April 2013Volume 59Number 9PDF icon PDF version (for best printing)

It is 10:00 p.m., do you know who are your kids?

On March 21, 2013 the Supreme Court of Illinois filed its decision in the case of DeHart v. DeHart, No. 114137. While this case involved numerous will contest issues, two issues were addressed that will have a profound effect on estate planning and estate litigation: the Court’s recognition of equitable adoption and the establishment of a standard for a limited waiver of the attorney-client privilege after a testator’s death by a person claiming to be equitably adopted.

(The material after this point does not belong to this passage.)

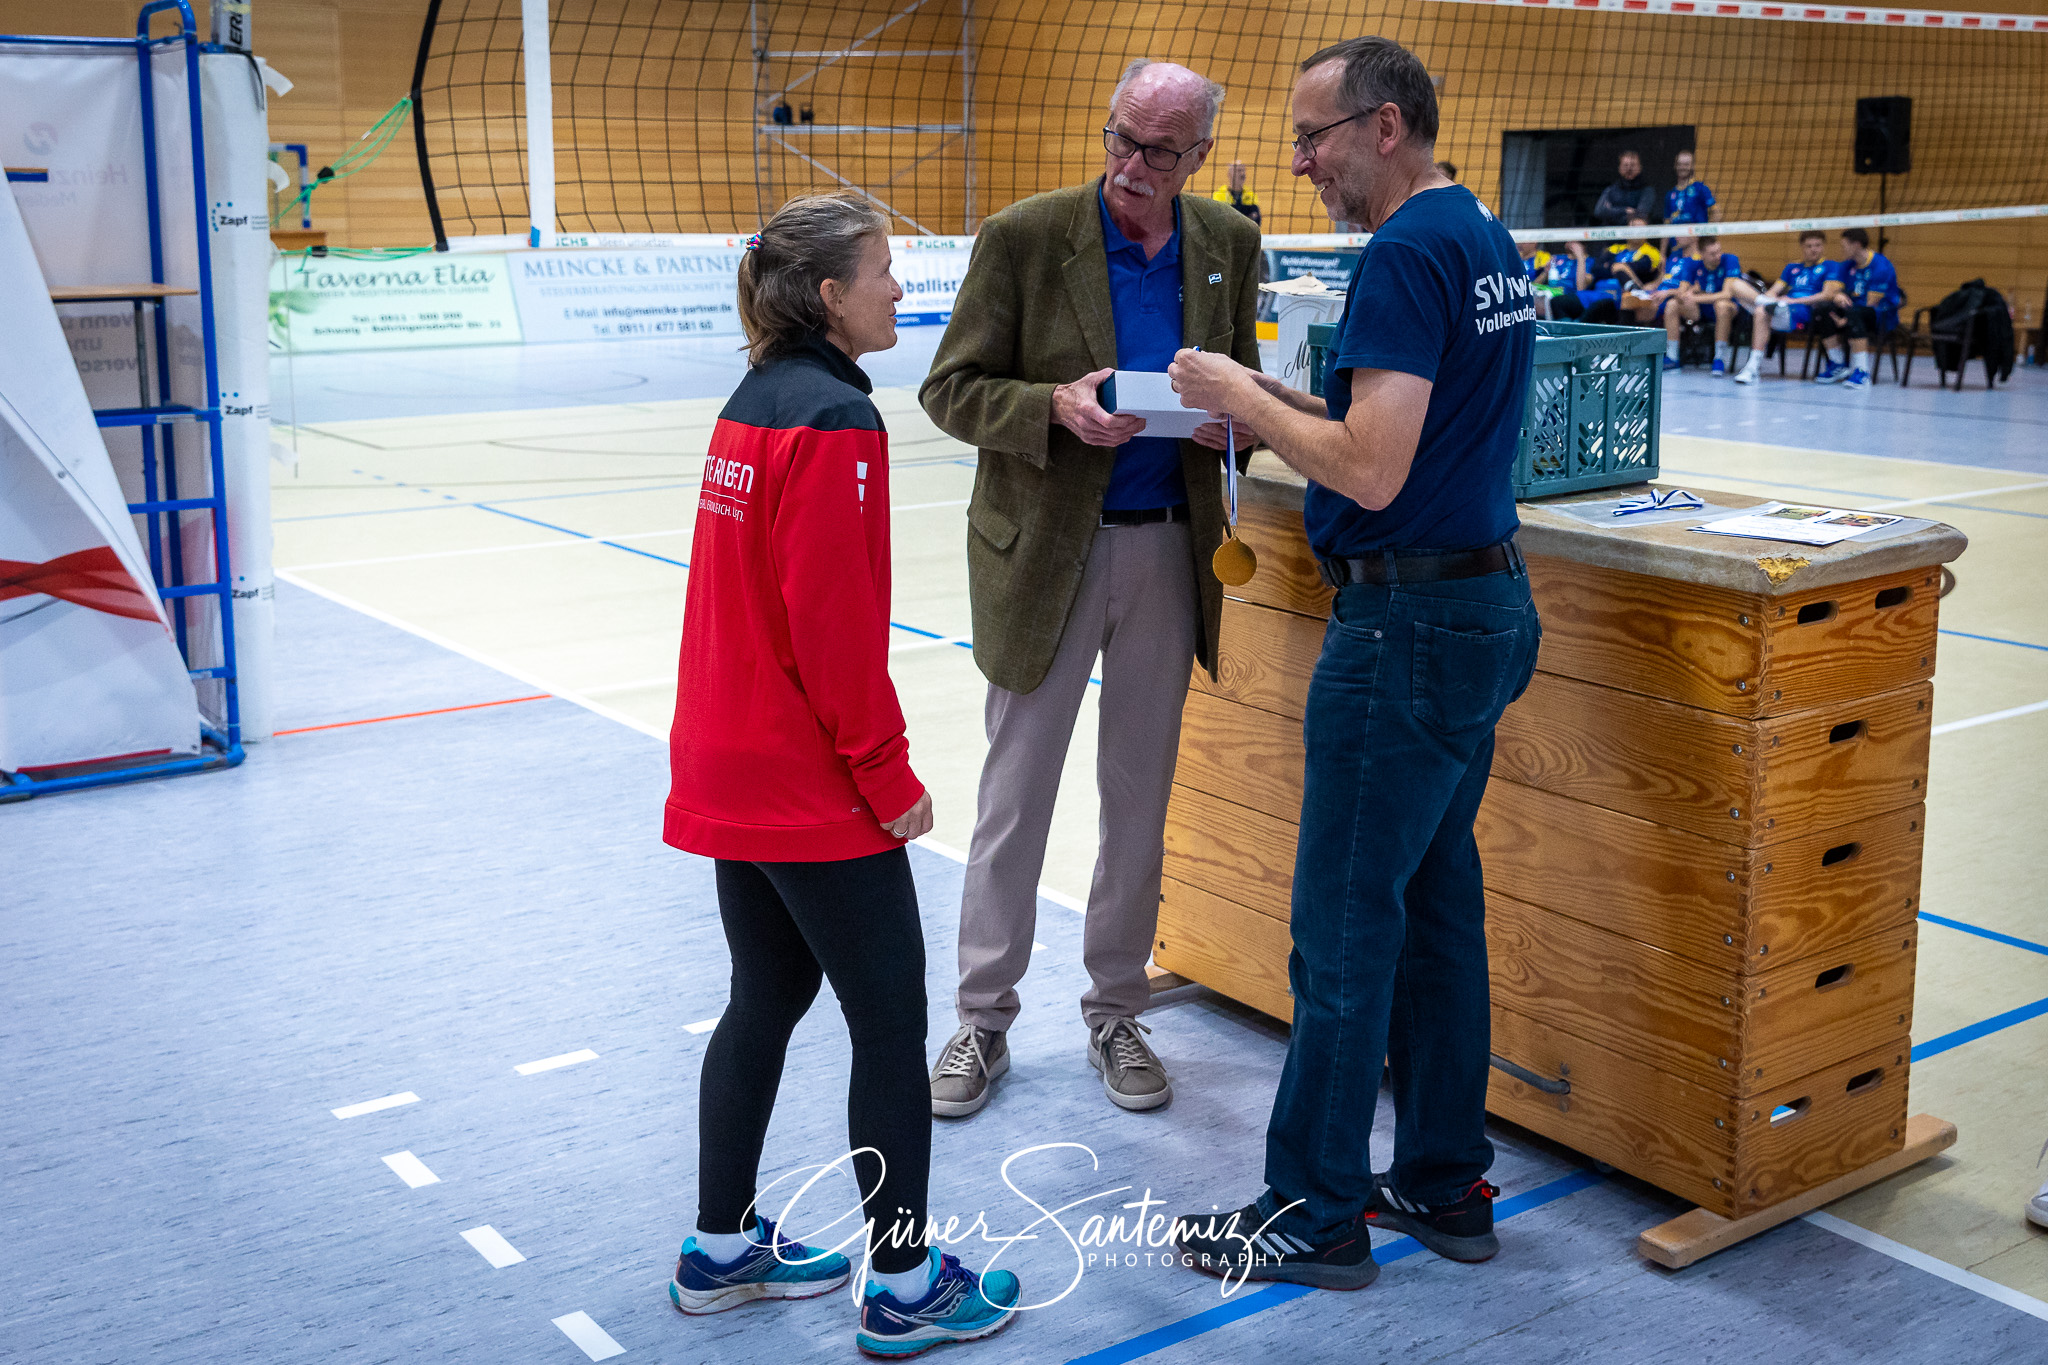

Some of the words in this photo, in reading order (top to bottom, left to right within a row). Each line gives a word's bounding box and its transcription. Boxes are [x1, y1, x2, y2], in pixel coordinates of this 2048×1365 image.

Concept of Equitable Adoption

Equitable adoption where it has been previously recognized is not a legal adoption, but rather an equitable remedy in which a court will find a child who was the subject of an unfulfilled contract to adopt to be considered as if the child was actually adopted so the child can be considered an heir of the putative adoptive parent. Tracy Bateman Farrell, Modern Status of Law as to Equitable Adoption or Adoption by Estoppel, 122 A.L.R. 5th 205, § 2(a). The court’s recognition does not confer the legal status of adopted child, but rather is merely an equitable remedy. Id. In most states that have recognized equitable adoption “the most important prerequisite to application of the doctrine in most states is proof that a contract of adoption was entered into between the foster parent and the child’s natural parent or some individual or institution standing in loco parentis.” Id.

Facts Pertaining To Equitable Adoption in DeHart1

James DeHart was born out of wedlock as James Thomas Staley, Jr. to Virginia Boswell and James Staley, Sr. in the 1940s. James Staley, Sr. abandoned James when he was an infant and Virginia married Donald DeHart when James was two. Donald and Virginia raised James together and held him out as their son during their lives. Donald also provided James with a birth certificate indicating that Donald was James’ father. In 2000 James applied for a passport and needed a certified copy of his birth certificate. When he obtained a copy, the birth certificate identified James Staley, Sr. as James’ natural father. James confronted Donald about the birth certificate, to which Donald replied that he believed he had adopted James and hired a lawyer to do so.

Virginia subsequently passed away and Donald remarried. Donald executed a will one year after he remarried naming his second wife and his siblings as heirs and stating that he had no children. Donald subsequently passed away and when his will was admitted to probate James filed a will contest. James subsequently amended his complaint to add claims of contract to adopt and equitable adoption for the purpose of being able to claim as an heir in the event he was successful in setting aside Donald’s will.

Illinois’ Broadening of Equitable Adoption

In DeHart the Court recognized the vast majority of states require a contract in order for a claim of equitable adoption and that in that context equitable adoption is “essentially indiscernible from the Illinois cases involving a failure to follow the statute of adoption that have proceeded on a contract theory.” DeHart v. DeHart, 2013 IL 114137, ¶ 52 (Mar. 21, 2013).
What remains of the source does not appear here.